К ногам.

Крис трогал ее, его пальцы безошибочно находили те места, которых он касался той ночью - руками, губами, языком, - или сжимал до боли, оставляя темные пятна синяков. Сейчас кожа Тори была чиста и бела, но от этих вкрадчивых прикосновений каждое зажившее пятнышко начинало ныть, словно свежее, словно отзываясь пульсирующей болью на прикосновения хозяина.

Крис безошибочно отыскивал эти места, поглаживал их, нажимал, и словно играл мелодию страсти и боли на теле девушки. И та сходила с ума, не понимая, что с ней происходит.

Его золотые пальцы, ласкаясь, провели по ее бедру, и лоно девушки, ее промежность, мягкие внутренние поверхности бедер, которые Крис безжалостно терзал, раздвигая перед собой, наполнились сладкой и болезненной пульсацией, такой желанной и мягкой, что Тори едва не кончила, закусив губы и закрыв глаза, переживая острое, как боль, ощущение. Ей захотелось до головокружения, чтобы он коснулся ее там еще раз, так же грубо, жестоко сминая мягкую плоть, раздвигая ноги и болезненным, резким толчком овладевая ею.

Ладонь Криса осторожно легла на ее ягодицу, и Тори едва не вскрикнула, оттого что кожа от этого невесомого, совсем легкого прикосновения горит, словно в ту ночь, когда он хлестал ее. Словно чувствуя пожар, разгорающийся в ее душе, Крис чуть двинул ладонью, и Тори дрогнула, потому что боль - ненастоящая, выдуманная, но такая желанная и сладкая, - прокатилась по ее нервам кипятком, заставив биться в руках мужчины в настоящем экстазе. Она желала этой боли еще; она вспоминала ее с наслаждением, и ее возбуждение не укрылось от Криса.

- Я же говорил - в тебе есть это, - вкрадчивый тихий голос Криса коснулся ее разума, и Тори почувствовала, как вся дрожит в его руках. - Попробуй теперь сказать, что не хочешь. Попробуй остаться холодной. Попробуй. Попробуй сказать «нет» мне… и себе.

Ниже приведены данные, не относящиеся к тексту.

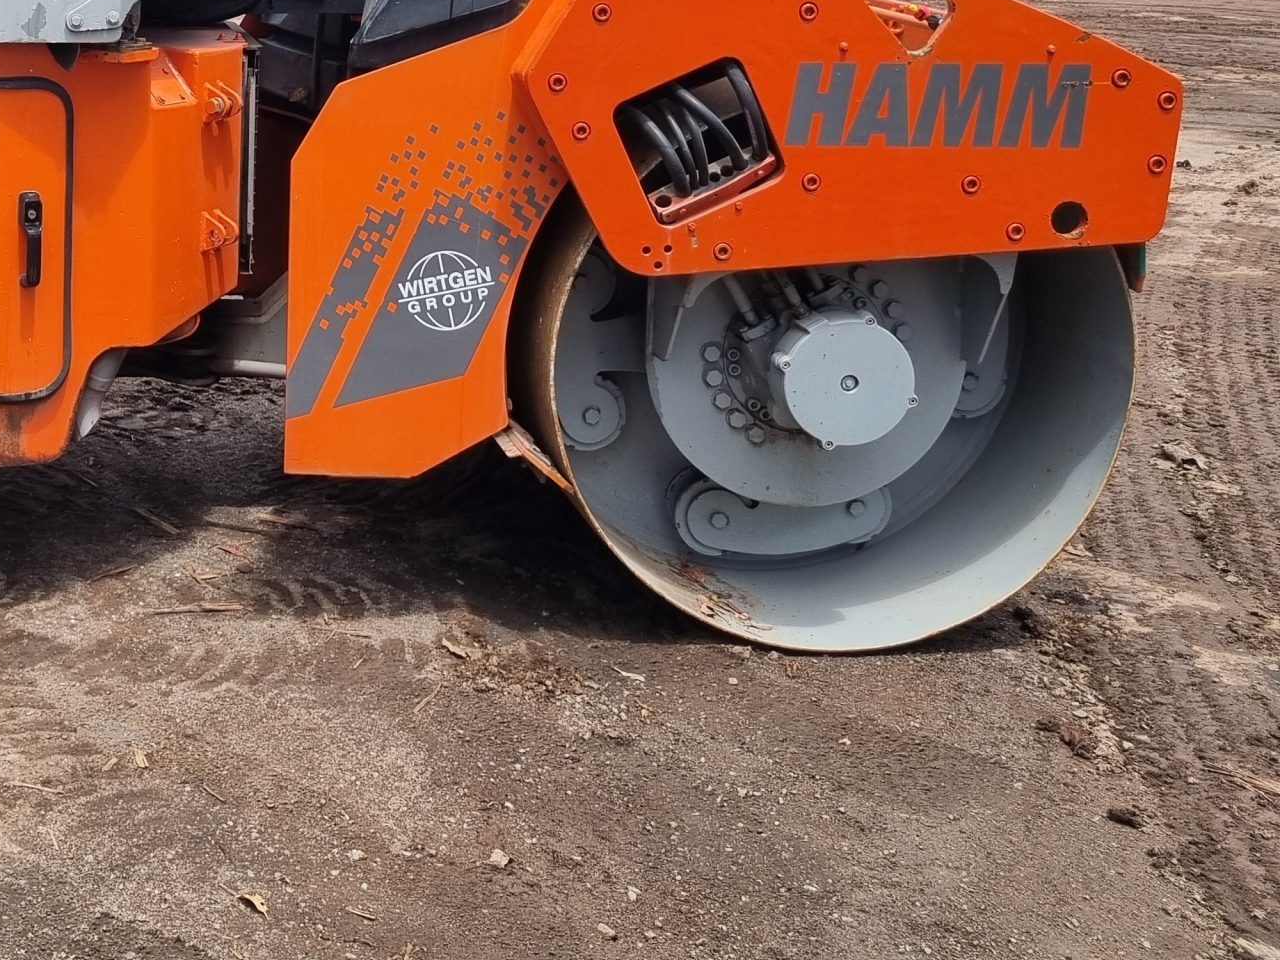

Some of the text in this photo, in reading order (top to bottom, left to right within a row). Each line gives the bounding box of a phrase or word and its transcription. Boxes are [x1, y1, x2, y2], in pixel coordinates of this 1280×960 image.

[784, 62, 1092, 149] HAMM
[398, 266, 493, 298] WIRTGEN
[407, 287, 489, 314] GROUP

Крис заставил ее сесть, грубо запустил руку в ее волосы и теперь почти касался ее губ своими, выпивал ее дыхание; Тори чувствовала, что ее царь Мидас действительно завладевает ее душой. Больше всего ей хотелось его поцелуя, она умоляюще смотрела в его глаза, почти упрашивая об этом даре, почти целуя его сама, касаясь горячими губами его губ. Даже если она потом умрет от стыда - все равно! Но его золотые пальцы скользили по ее лицу, отвергая ее ласку, и в глазах девушки зажигалось почти исступление, почти мука.

Когда пальцы Криса скользнули по ее спине, повторяя полосу, прочерченную когда-то ударом цепи, Тори не вынесла, изогнулась, словно змея, и замерла, пойманная Крисом за ошейник. Теперь он мог ее гладить и ласкать так, так ему вздумалось бы, и Тори не посмела бы двинуться. Даже на глазах у всех - о нет, она не посмела бы и слова против проронить.

«Что я творю! - думала она, чувствуя, как его пальцы медленно, рождая каждым прикосновением наслаждение, скользят по ее спине, повторяя рисунок из черных ремешков, наслаждаясь их тугостью, перетягивающей белую кожу.- Что происходит?!»

Его рука коснулась, всего лишь коснулась ее плеча, там, где раньше был багровый цветок, оставленный его укусом, и Тори услышала свое оглушительное, возбужденное, горячее дыхание, живое и частое, словно у испуганного животного, попавшего в ловушку. Ее выгибало против ее воли навстречу этим рукам, она млела, а Крис, властно склоняясь над ее запрокинутым лицом, улыбался, как и полагалось улыбаться безжалостному соблазнителю - хищно и страстно, - глядя, как ее глаза затуманиваются и наполняются слезами страха и экстаза. И гладил; боже, как он ее касался, как покрывал позолотой места, помнящие боль и наслаждение!